=== SOURCE MATERIAL ===
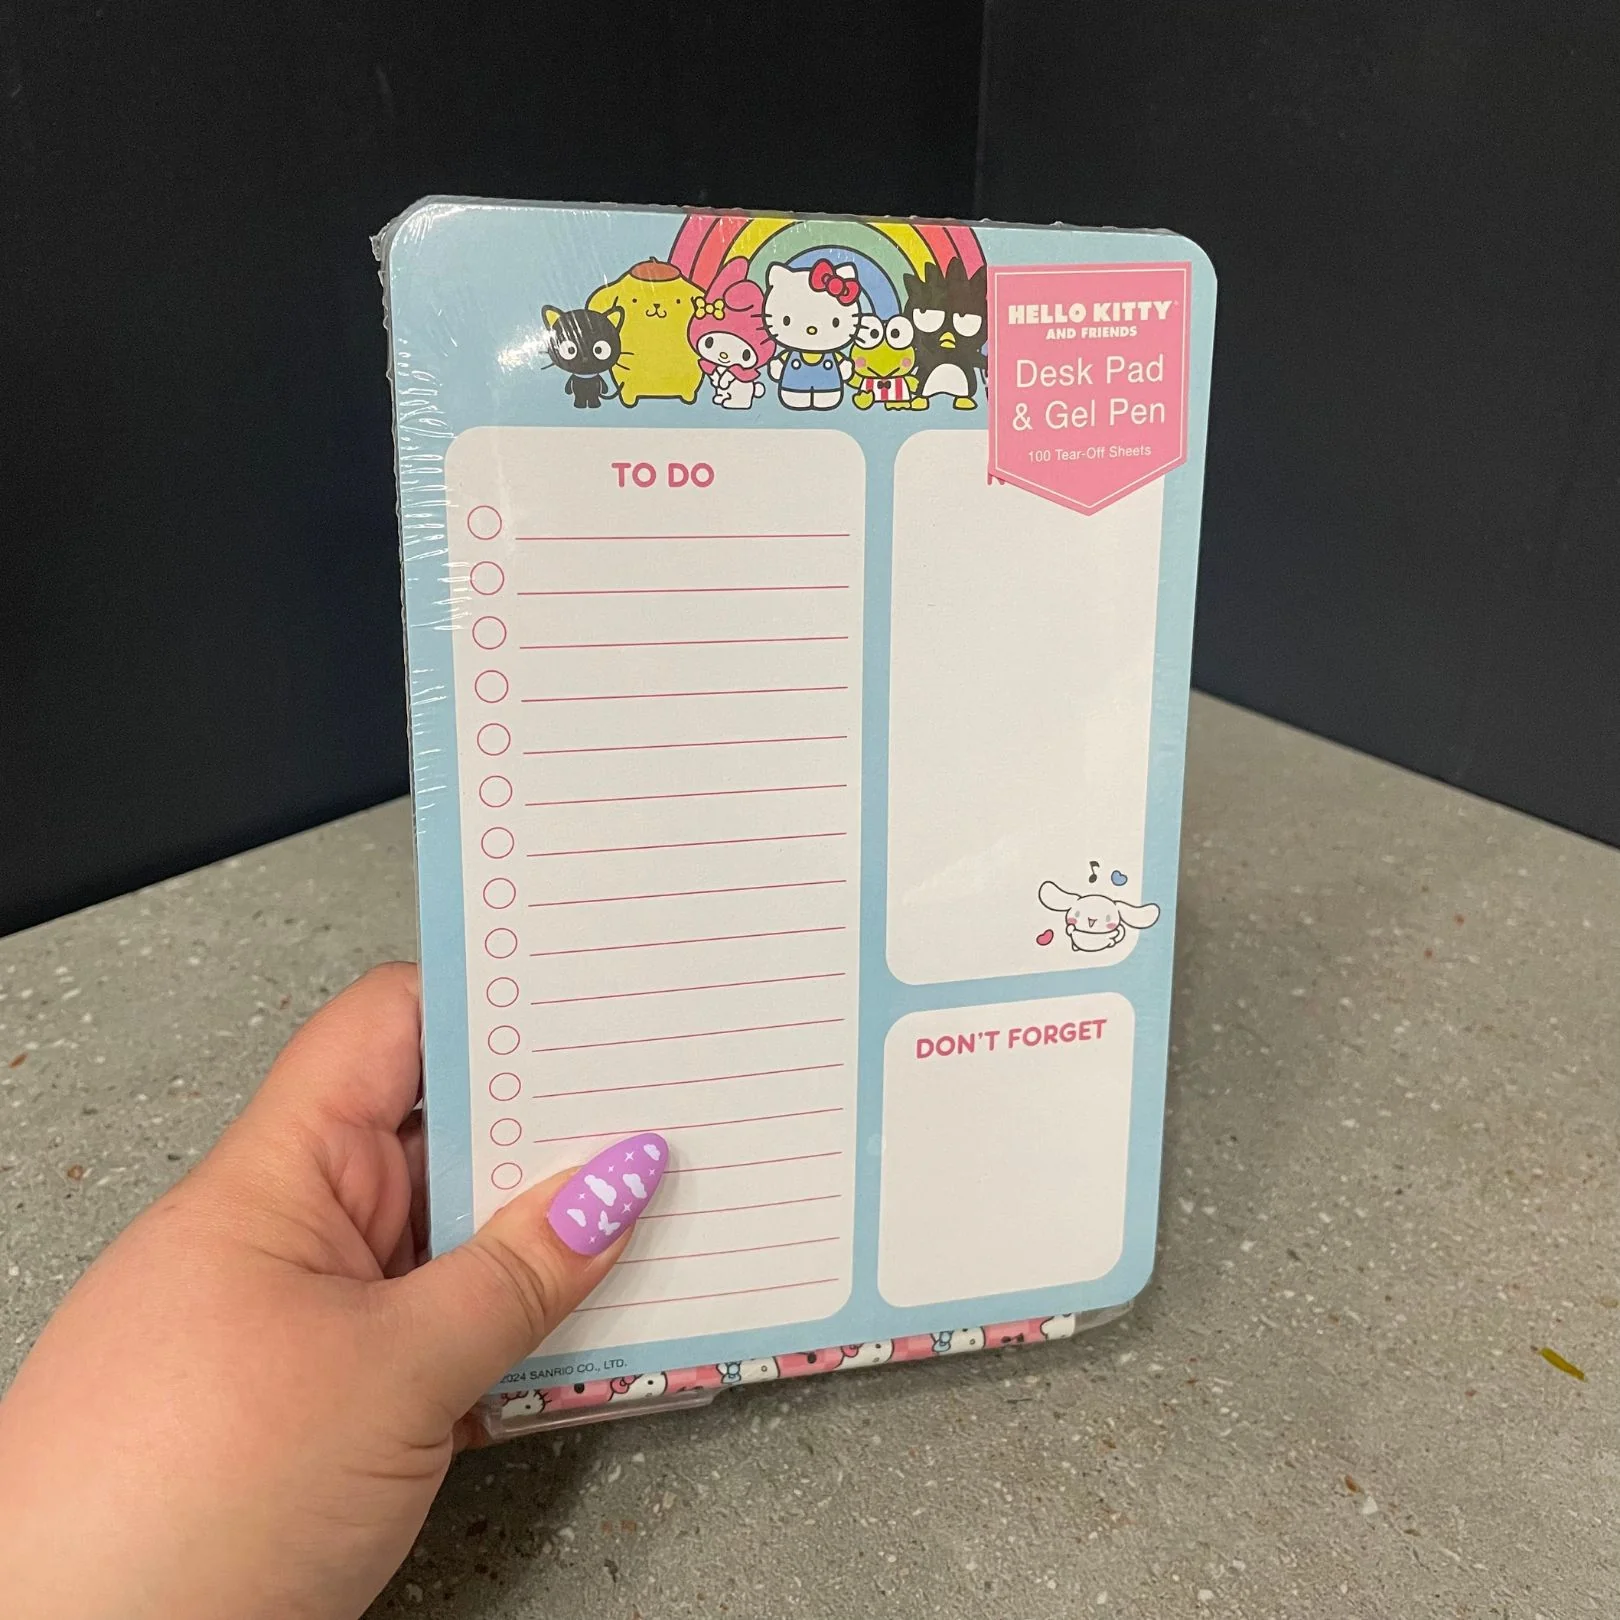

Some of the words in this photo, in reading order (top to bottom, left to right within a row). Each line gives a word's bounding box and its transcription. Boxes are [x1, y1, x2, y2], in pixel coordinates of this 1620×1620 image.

[1008, 303, 1087, 325] HELLO
[1093, 300, 1173, 322] KITTY
[1045, 327, 1077, 340] AND
[1081, 326, 1138, 339] FRIENDS
[1016, 357, 1094, 388] Desk
[1106, 353, 1164, 384] Pad
[1012, 402, 1033, 431] &
[1045, 399, 1096, 430] Gel
[1109, 398, 1165, 426] Pen
[1028, 450, 1051, 463] 100
[1055, 446, 1105, 461] Tear-Off
[1108, 445, 1152, 458] Sheets
[611, 462, 657, 488] TO
[668, 462, 715, 488] DO
[916, 1030, 1001, 1059] DON'T
[1008, 1019, 1107, 1049] FORGET
[529, 1365, 574, 1380] SANRIO
[576, 1362, 601, 1373] CO.,
[604, 1358, 628, 1370] LTD.
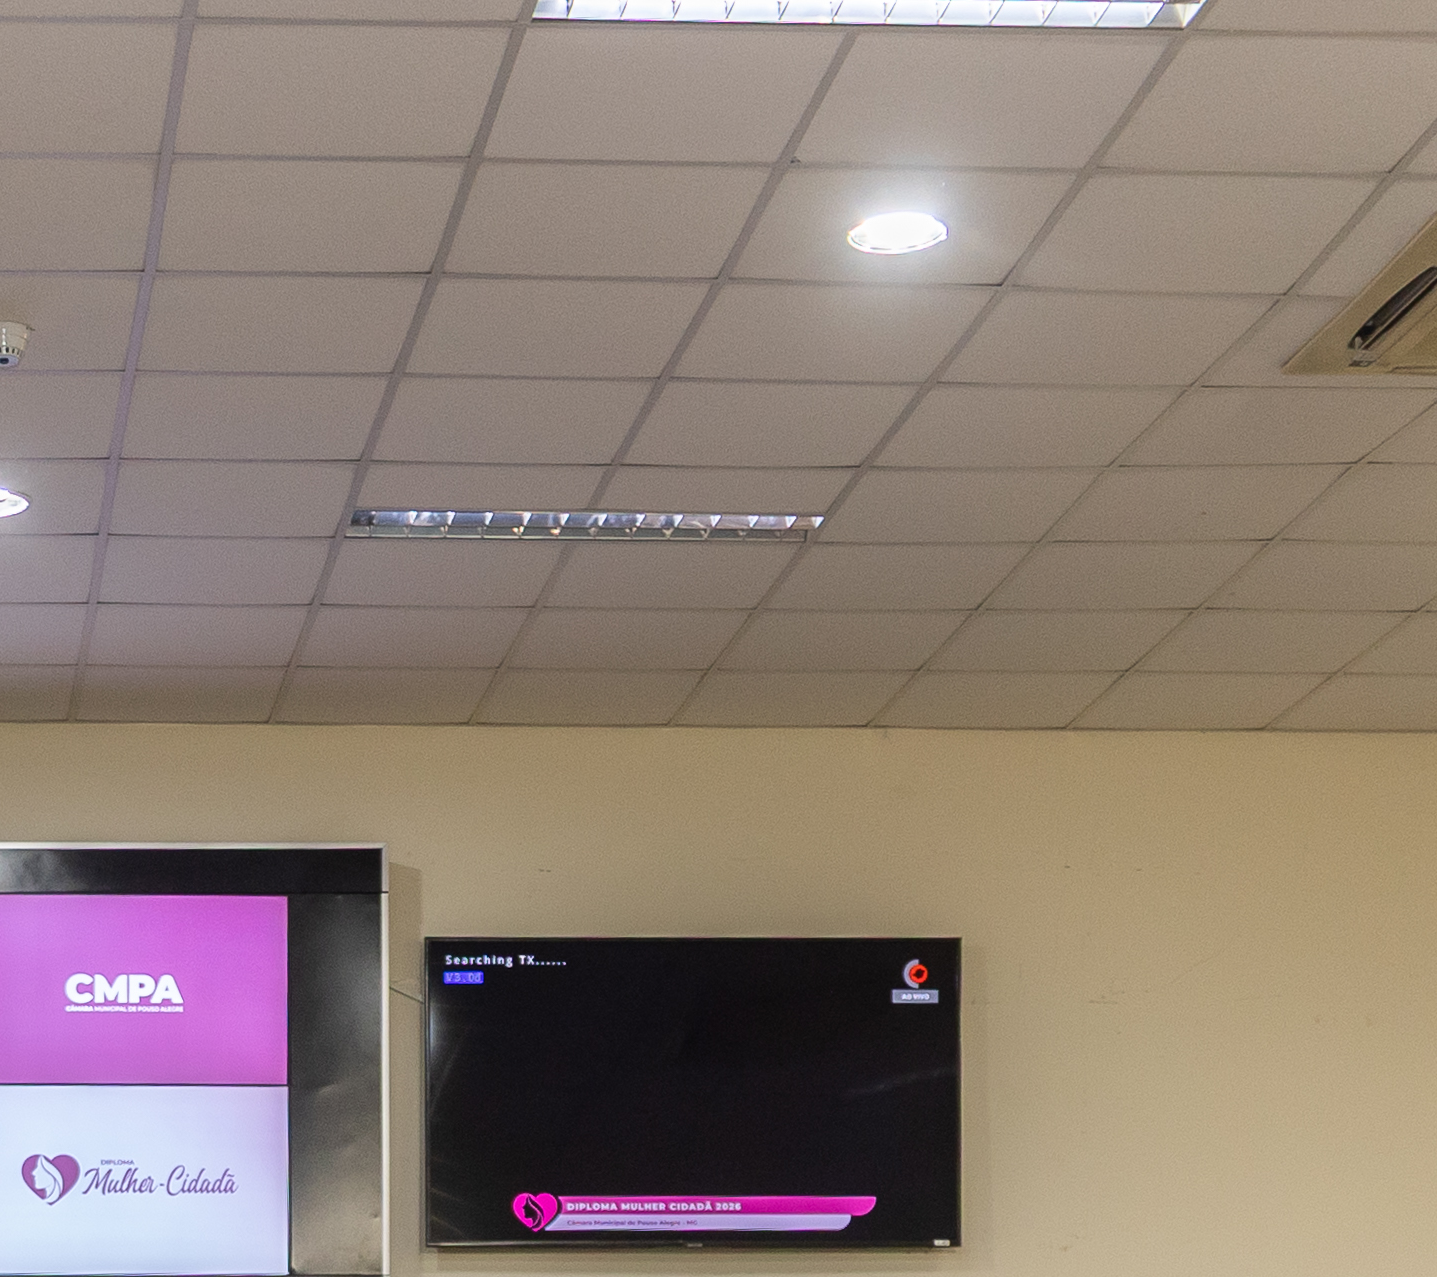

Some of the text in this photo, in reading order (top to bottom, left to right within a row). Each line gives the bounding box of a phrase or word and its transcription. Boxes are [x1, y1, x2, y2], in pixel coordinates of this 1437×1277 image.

[445, 954, 513, 968] Searching
[65, 972, 184, 1004] CMPA
[566, 1200, 742, 1211] DIPLOMA MULHER CIDADÃ 2026
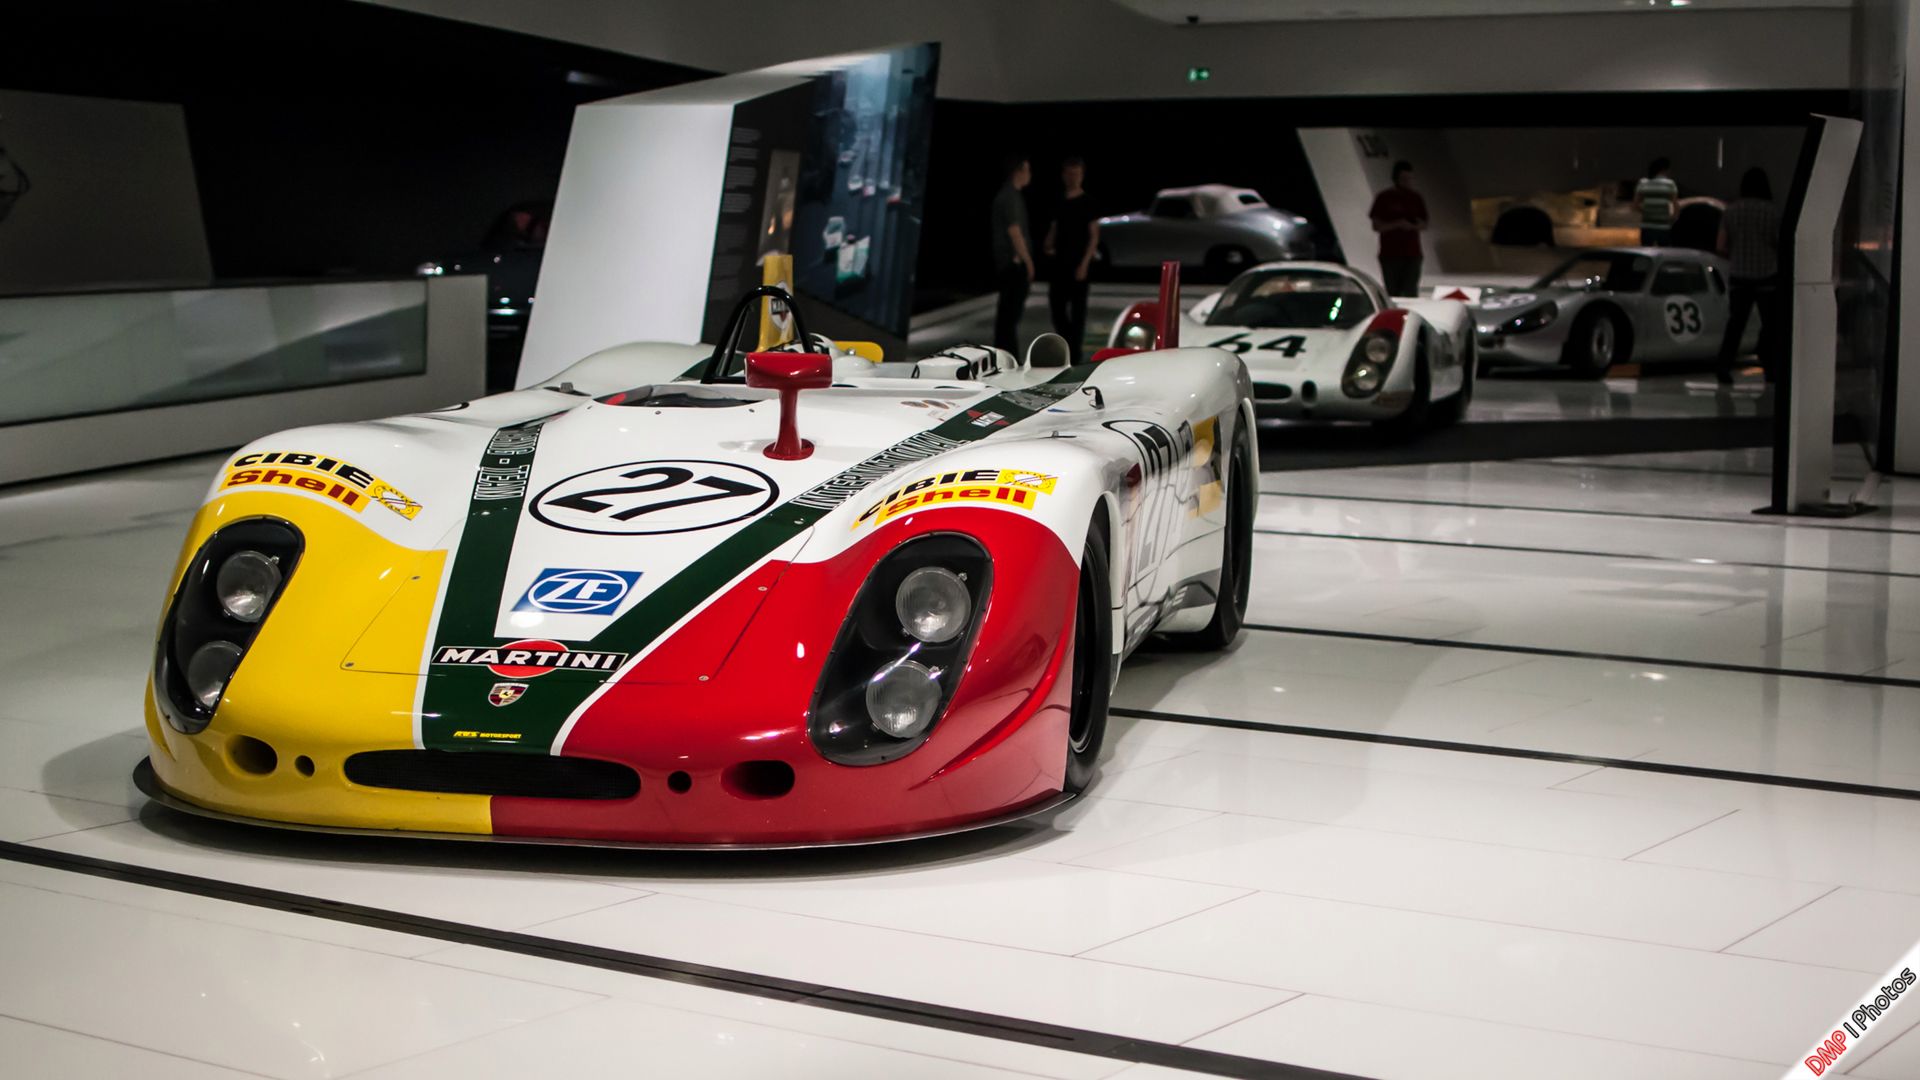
===
* WHAT IS REQUIRED
The answer must restate each entry word for word and contain no images.

* OUTPUT
Some of the words in this photo, in reading order (top to bottom, left to right within a row). Each line gives a word's bounding box and its transcription. Boxes are [x1, y1, x2, y2], in pixel coordinates of this 1620×1620 image.

[1008, 303, 1087, 325] HELLO
[1093, 300, 1173, 322] KITTY
[1045, 327, 1077, 340] AND
[1081, 326, 1138, 339] FRIENDS
[1016, 357, 1094, 388] Desk
[1106, 353, 1164, 384] Pad
[1012, 402, 1033, 431] &
[1045, 399, 1096, 430] Gel
[1109, 398, 1165, 426] Pen
[1028, 450, 1051, 463] 100
[1055, 446, 1105, 461] Tear-Off
[1108, 445, 1152, 458] Sheets
[611, 462, 657, 488] TO
[668, 462, 715, 488] DO
[916, 1030, 1001, 1059] DON'T
[1008, 1019, 1107, 1049] FORGET
[529, 1365, 574, 1380] SANRIO
[576, 1362, 601, 1373] CO.,
[604, 1358, 628, 1370] LTD.

Some of the text in this photo, in reading order (top to bottom, left to right within a row). Each line gives the bounding box of a phrase or word and its transcription. Boxes are [x1, y1, x2, y2], in pixel coordinates of this 1437×1277 image.

[445, 954, 513, 968] Searching
[65, 972, 184, 1004] CMPA
[566, 1200, 742, 1211] DIPLOMA MULHER CIDADÃ 2026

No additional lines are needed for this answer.